Automating Web-based Data Retrieval with Perl
At Apress one of my unofficial tasks, and indeed pastimes is writing applications that aggregate and parse a variety of online data including book reviews, sales rankings, and other items of interest that help us to better understand gauge reader interest in our books, our competitors' books, and technology in general. For instance, logically sales through online retailers comprise a significant percentage of revenue for computer book publishers, given that the target audience tends to be quite comfortable with online purchases. Many of these retailers offer information pertinent to the popularity of the books by way of sales ranks, book reviews, and some have recently begun facilitating retrieval of such information by way of Web Services.
The maturation of Web Services signals a giant leap forward in terms of being able to effectively retrieve and conveniently format data residing on remote servers. With high profile companies such as Amazon.com and ebay leading the charge in terms of making Web Services available to the general public, it's only a matter of time before others follow suit. Yet despite all the excitement its fair to say that widespread availability of Web Services for public consumption is still a few years away, meaning that in many cases the only solution is the heretical practice of screen-scraping.
On its surface this isn't such an issue; after all, many programming languages offer some pretty powerful text parsing features, PHP, Perl and Python among them. However, one must contend with a variety of issues in order to effectively automate this process, including:
- Page retrieval: How will the script initiate the connection to the remote web server and retrieve the file for local storage and manipulation?
- Authentication: Understandably some information is confidential, and therefore it may be password protected. How do you successfully authenticate without manually supplying the username and password?
- Cookies: Some websites require a minimal set of user capabilities, and don't care whether the user is a human or robot. One common requirement is the ability to accept and manage cookies. How will the script overcome this seemingly complex issue?
Using the Perl language, it's surprisingly simple to accomplish all three of these tasks. In this tutorial, I'll show you how each is easily tackled with Perl using a popular module, namely WWW::Mechanize.

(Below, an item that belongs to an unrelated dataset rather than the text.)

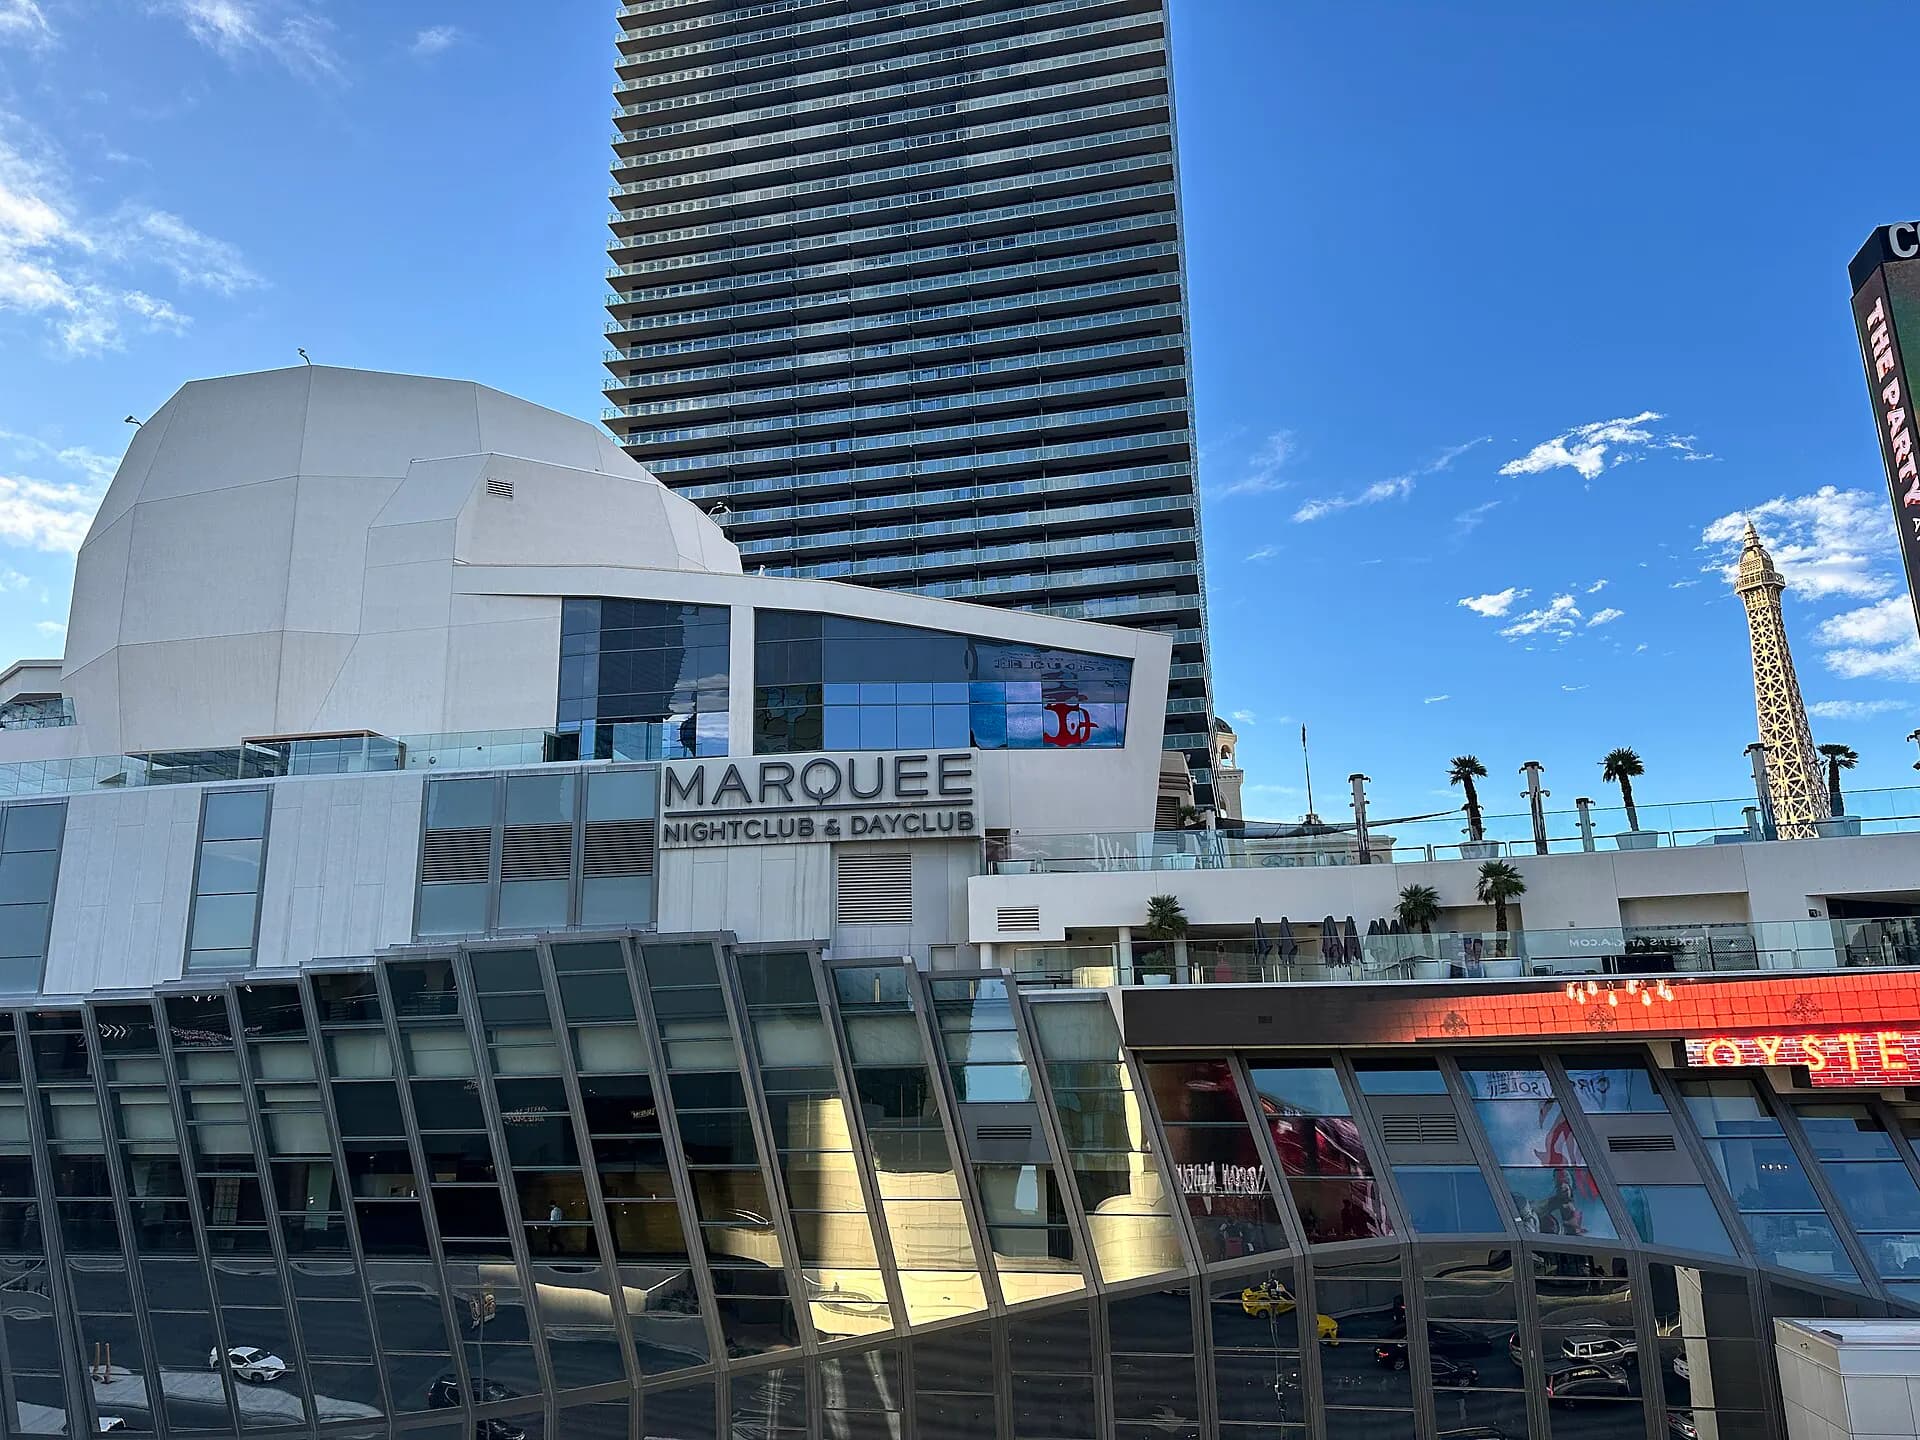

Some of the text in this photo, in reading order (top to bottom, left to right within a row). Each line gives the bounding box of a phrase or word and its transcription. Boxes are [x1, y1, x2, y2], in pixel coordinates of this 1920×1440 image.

WWW::Mechanize is a Perl module capable of interacting with a website. Among other things, it can traverse links, download pages, and even complete and submit forms. It's suitable to a wide variety of applications, such as testing web applications and automating page retrieval for subsequent parsing. Maintained by Andy Lester, you can learn more about WWW::Mechanize at CPAN.
The Data Source
Suppose you are tasked with retrieving a list of best-selling computer books from a website that monitors national book sales. This page might look something like Figure 1-1. The corresponding HTML code is shown in Listing 1-1. In the following examples I'll show you how to retrieve, save, and parse this page in a variety of manners.
Figure 1-1. Bestselling Computer books
Listing 1-1. Bestselling computer books (bestselling.html)
<!DOCTYPE html PUBLIC "-//W3C//DTD XHTML 1.0 Transitional//EN" "http://www.w3.org/TR/xhtml1/DTD/xhtml1-transitional.dtd"&rt; <html xmlns="http://www.w3.org/1999/xhtml"&rt; <head> <title>Computer Books</title> </head> <body> <h3>Sales Data, Week of December 13, 2004</h3> <table border="1"> <tr> <th>ISBN</th> <th>Title</th> <th>MTD Sales</th> <th>YTD Sales</th> </tr> <tr> <td>1-23456-789-0</td> <td><a href="/details/1-23456-789-0/">Cooking with PHP</a></td> <td>548</td> <td>5,678</td> </tr> <tr> <td>0-98765-432-1</td> <td><a href="/details/0-98765-432-1/">Prolific Perl</a></td> <td>378</td> <td>3,456</td> </tr> <tr> <td>6-78901-234-5</td> <td><a href="/details/6-78901-234-5/">Managing Markets with MySQL</a></td> <td>973</td> <td>7,121</td> </tr> <tr> <td>1-24245-456-9</td> <td><a href="/details/1-24245-456-9/">A History of Keyboards</a></td> <td>787</td> <td>2,290</td> </tr> </table> </body> </html>